Download Games Roundup
Osmos! Fire! Warriors! Golf! Lumi!
Lumi
- Xbox Live Indie Games
- 400 Microsoft Points (£3.40)
"400 points for an Indie game?" You can positively feel the steaming indignation all the way down here in Brighton. Fortunately, Kydo's latest helping of psychotic game rage is well worth the increased blood pressure and inevitable psychotherapy that results from prolonged exposure to its fleshy innards.
Just like the developer's previous offering, Soul, it all looks innocent enough, with its cutesy premise to bring light back to the gloomy forests. You control a wee yellow Pikachu-Monkey thing, who swings DK King of Swing-stylee around, attempting to hoover up all the fireflies hovering peacefully in the night air.
Dotted around the place are little trees, and placing the fireflies onto them helps illuminate the landscape and, eventually, lets you sneak out of the exit.
Blessed with slightly eccentric game mechanics, you'll spend much of your time barrelling around haplessly, using the left and right triggers to attach yourself to red or blue swing points. If you manage to let go at the right time and quickly switch to the other trigger, the opposing force propels you much further than simply jumping off.
Though it's initially fiddly, you eventually engage in its rhythms and furiously addictive challenges. Either that or you spontaneously combust trying to escape from the huge stag beetle on the fourth level. See if you can do it in under the 160 attempts it took me.
8/10
Deadliest Warrior
- Xbox Live Arcade
- 800 Microsoft Points
Do you care about which warriors from history were more deadly? Do you lie awake at night pontificating about whether a ninja could mess up a viking, or whether the armour strength of a pirate would put him at a disadvantage against a mighty knight? Then we have just the game for you!
Based on Spike's popular (and ridiculed) TV show of the same name, Deadliest Warrior attempts to answer such furiously debated questions in the context of this rather hollow beat-'em-up.
Having evidently ignored all of the best bits of Street Fighter, Tekken, Virtua Fighter and even Mortal Kombat, we're instead treated to a fighting game entirely devoid of combos. It's like the last 22 years of fighting game evolution never happened, with a hilariously limited range of moves.
You can choose from four different basic attacks assigned to the face buttons, dodge with the right stick, block with the right trigger and perform a signature move with RB. Thanks to a quite absurd damage system, you can find yourself downed in three or four hits, usually meted out with all the precision of a Friday night drunk in Basildon.
Sadly, Pipework Software didn't dare to tackle the thorny issue of whether the IRA could take out the Taliban (as the show infamously did), but it does let you chop your opponent's arm off. A crumb of comfort for some, I'm sure.
4/10
Crazy Golf
- - DSiWare
- 500 DSi points (£4.50/€5)
I suppose 'Marble Flicker' probably wouldn't have been as catchy a title, but it would have been a whole lot more accurate and honest than passing off this breaktime diversion as Crazy Golf.

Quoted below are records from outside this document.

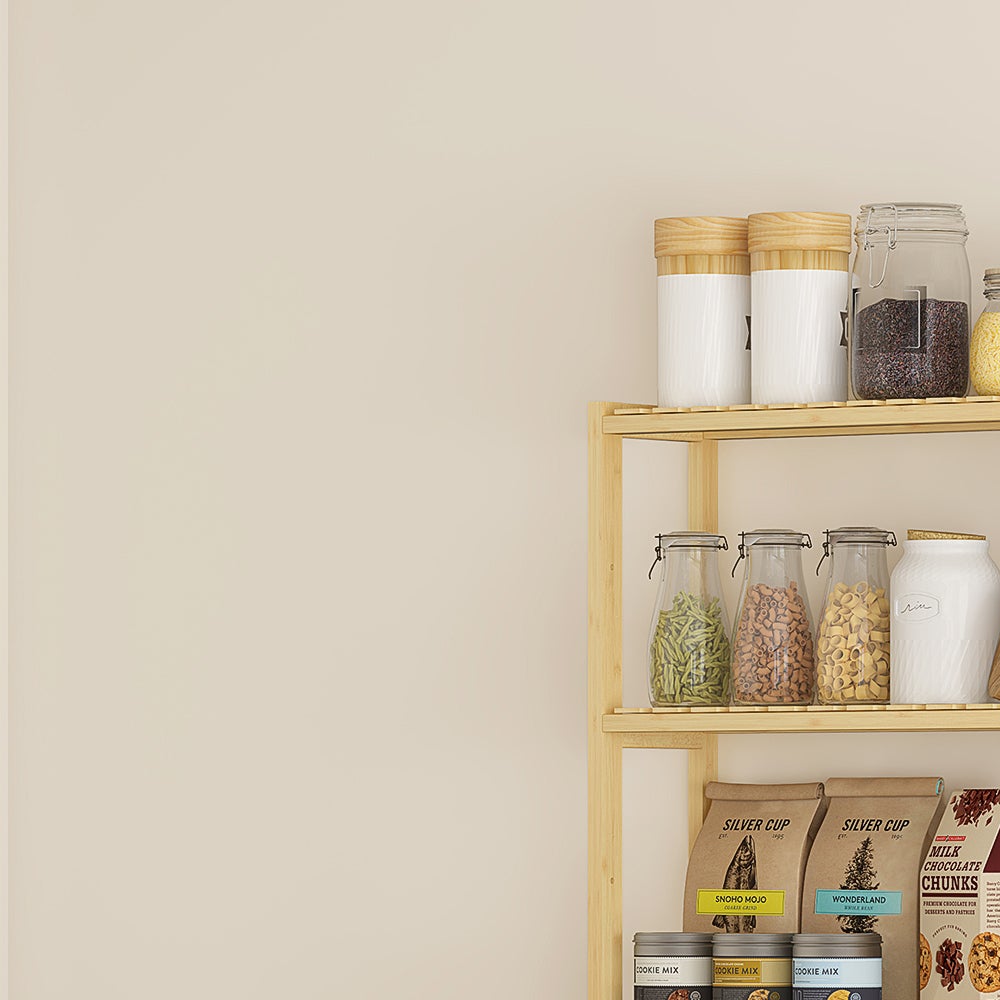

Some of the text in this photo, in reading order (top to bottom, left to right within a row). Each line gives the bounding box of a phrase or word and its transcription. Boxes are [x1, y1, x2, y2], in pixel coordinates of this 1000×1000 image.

[723, 819, 790, 831] SILVER CUP
[842, 819, 910, 831] SILVER CUP
[929, 846, 962, 857] MILK
[924, 862, 982, 871] CHOCOLATE
[922, 876, 978, 890] CHUNKS

Once you get over the harrowing disappointment of being mislead so mercilessly, you might even start to enjoy Cranberry Production's latest DSiWare effort. The idea is to coax a ball/marble/cluster of murderous molecules across a table into a portal of doom. At least that's what I read into it.
The table is strewn with random desktop objects, such as pencils, rulers and coffee mugs, and you must try and reach your goal as quickly as possible and with as few shots as possible. With its simple putting mechanic, you simply point and drag a dotted line to vary direction and power, and let go when you're good and ready.
Shots ping all over the place, often snagging on obstacles or dropping down holes, and you quickly get horribly sucked into mastering the array of improbably challenging courses.
Crazy Golf is hardly a revolution in handheld gaming, but sometimes all you want to do of a day is flick balls across pretend courses, if only to ward off the impending existential crisis.